REQUIRED ACTION: Your output should be the line with "Some of the text" followed by every remaining line of the entries, reproduced exactly.

(Records excerpted from a collection)
══════════════════════════════

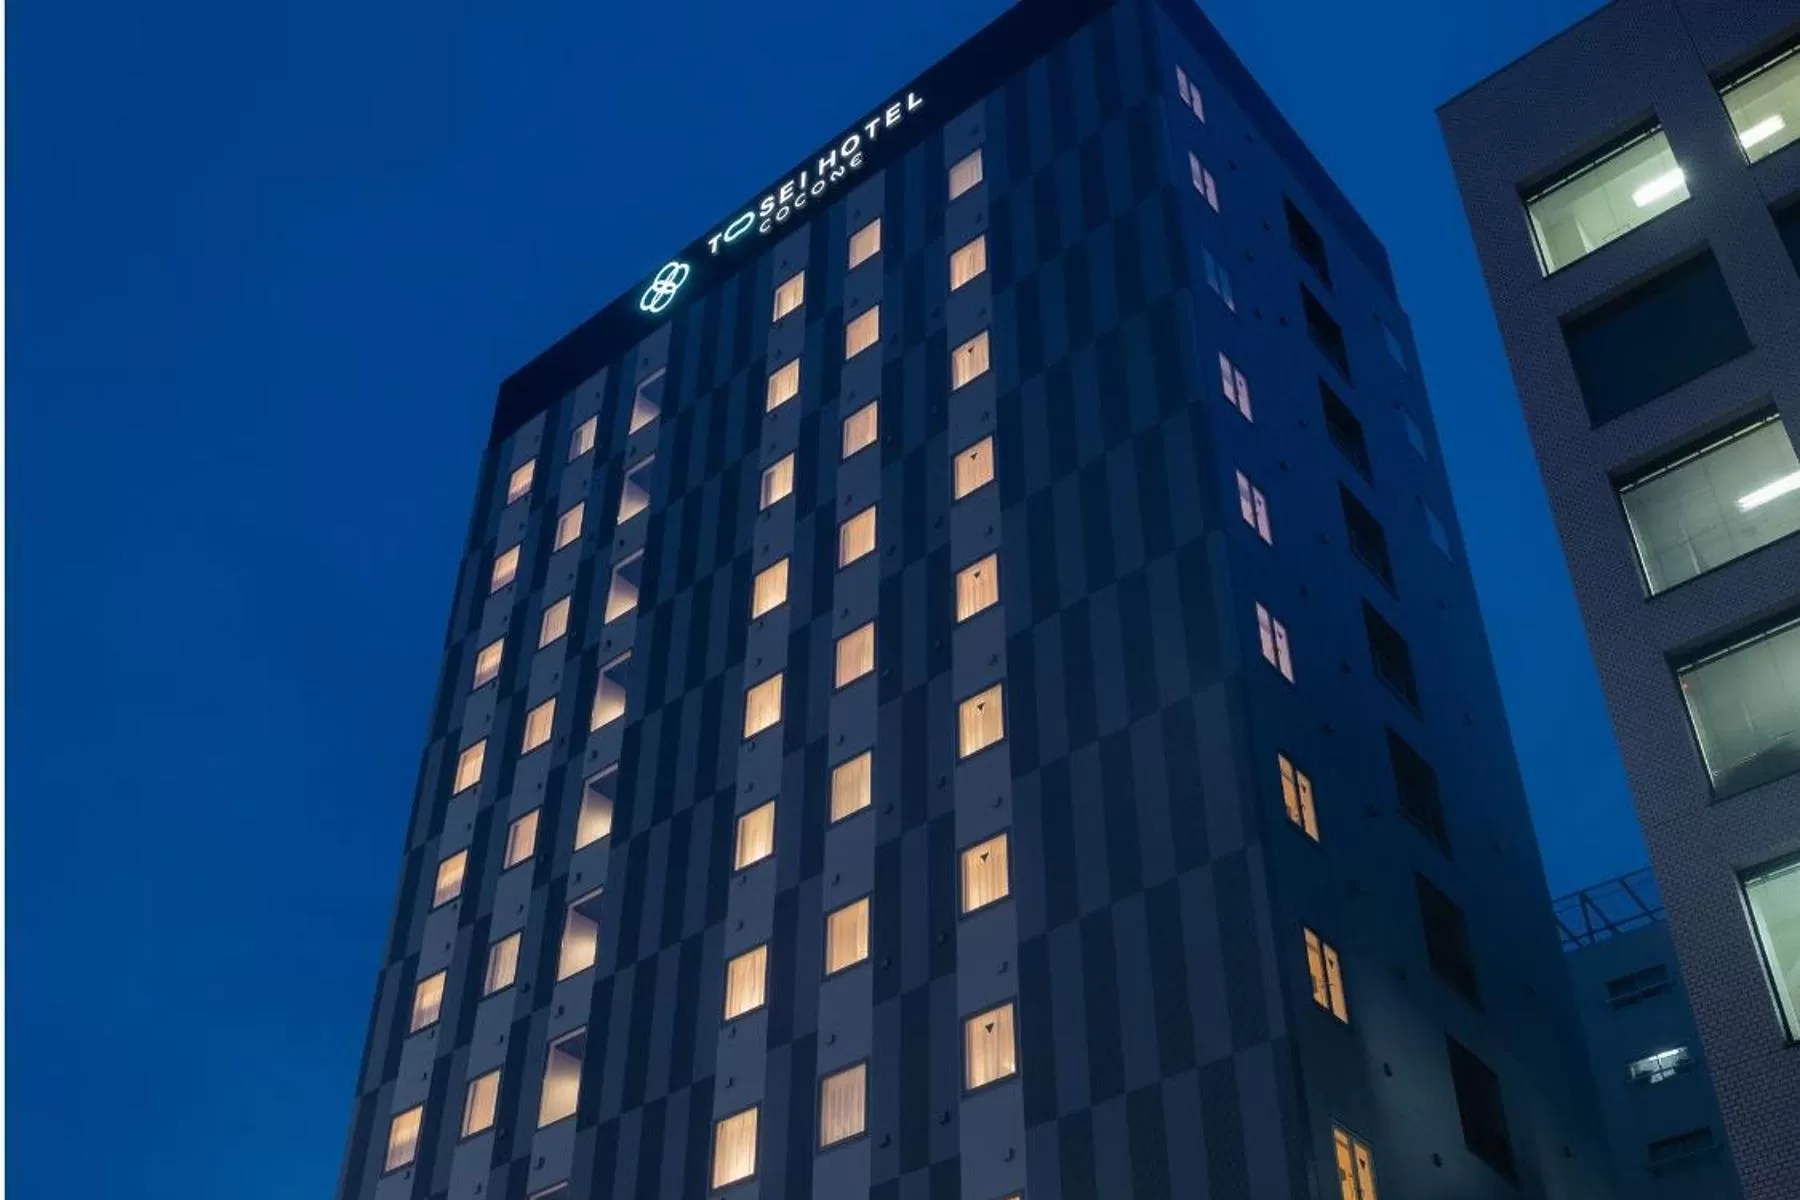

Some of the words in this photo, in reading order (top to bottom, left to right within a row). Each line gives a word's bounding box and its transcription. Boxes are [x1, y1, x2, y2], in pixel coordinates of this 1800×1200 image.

[708, 171, 807, 254] TOSEI
[819, 91, 923, 176] HOTEL
[759, 151, 864, 233] COCONE
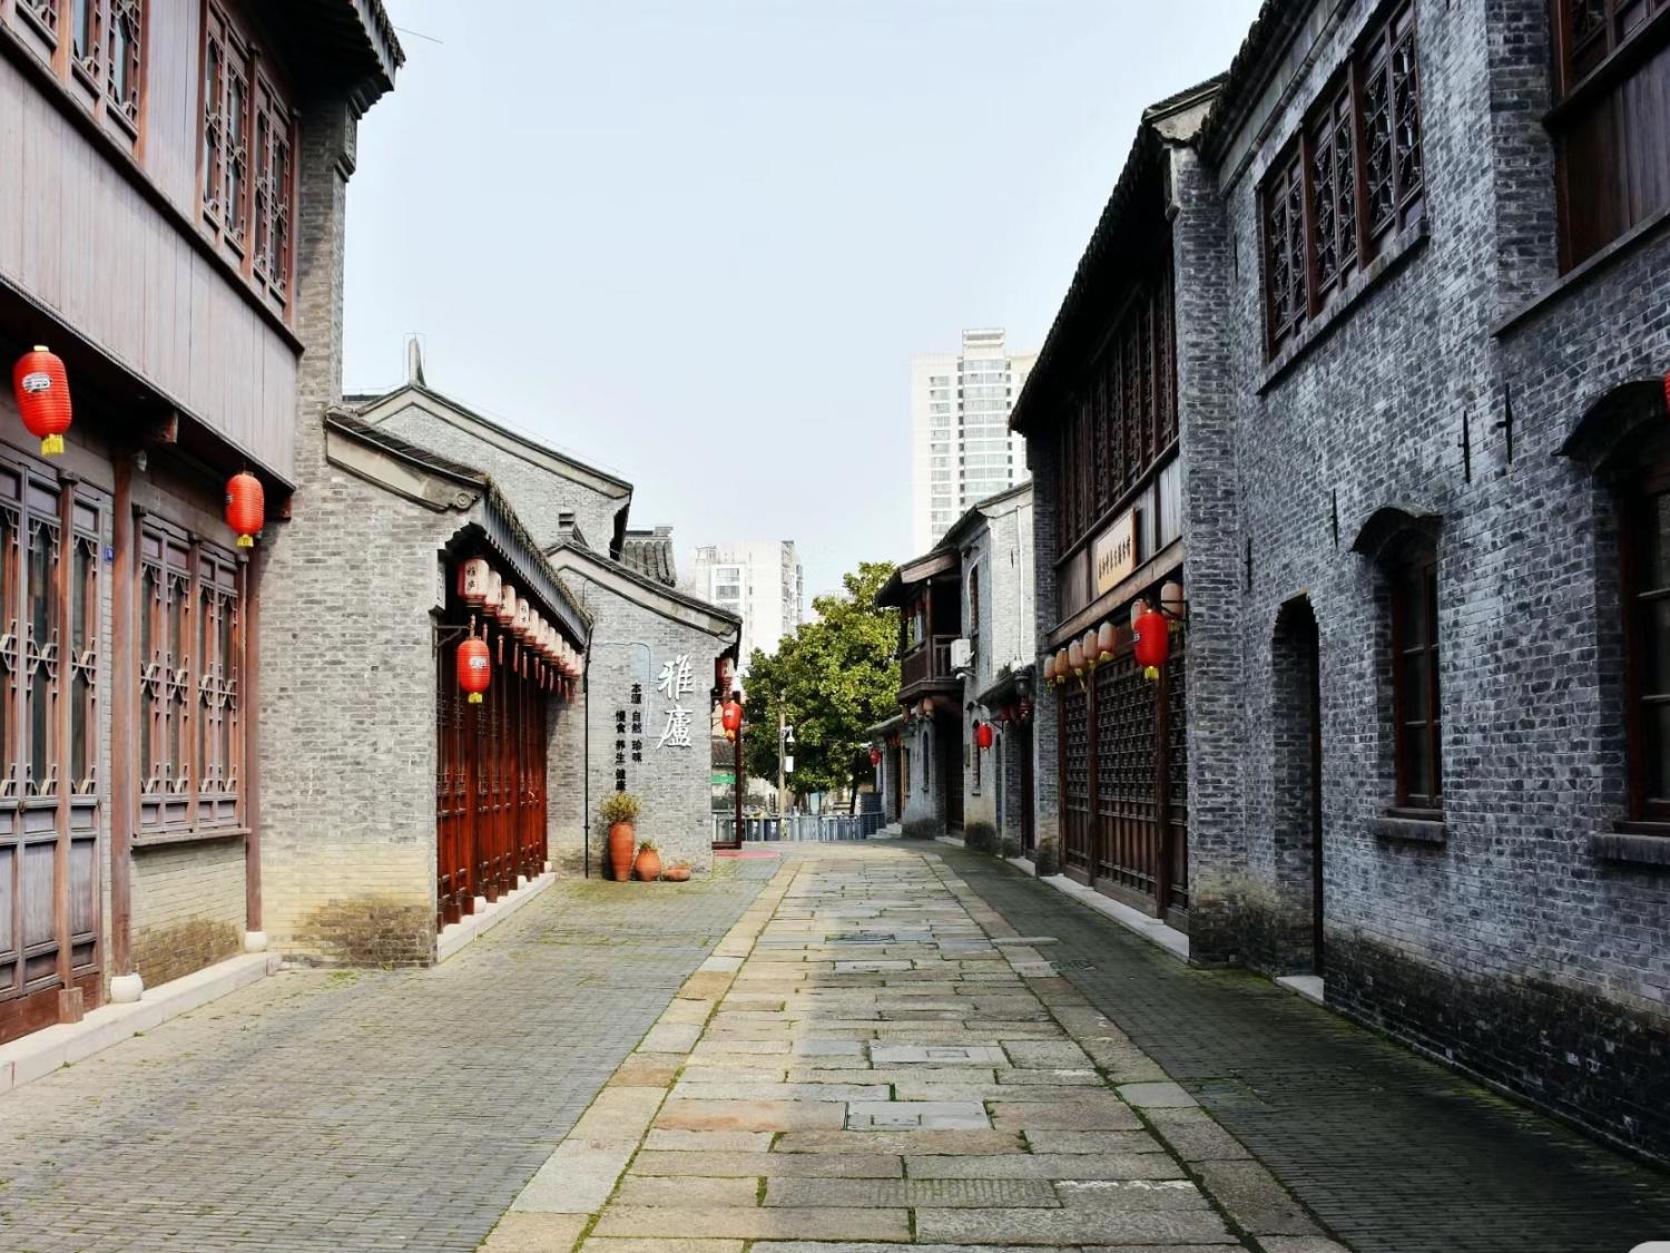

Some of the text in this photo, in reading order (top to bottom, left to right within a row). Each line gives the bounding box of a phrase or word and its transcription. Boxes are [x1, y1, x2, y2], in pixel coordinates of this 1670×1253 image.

[632, 710, 642, 734] 自然
[615, 739, 626, 765] 养生
[615, 768, 626, 791] 健康

══════════════════════════════

FINAL ANSWER:
Some of the text in this photo, in reading order (top to bottom, left to right within a row). Each line gives the bounding box of a phrase or word and its transcription. Boxes are [x1, y1, x2, y2], in pixel coordinates of this 1670×1253 image.

[632, 710, 642, 734] 自然
[615, 739, 626, 765] 养生
[615, 768, 626, 791] 健康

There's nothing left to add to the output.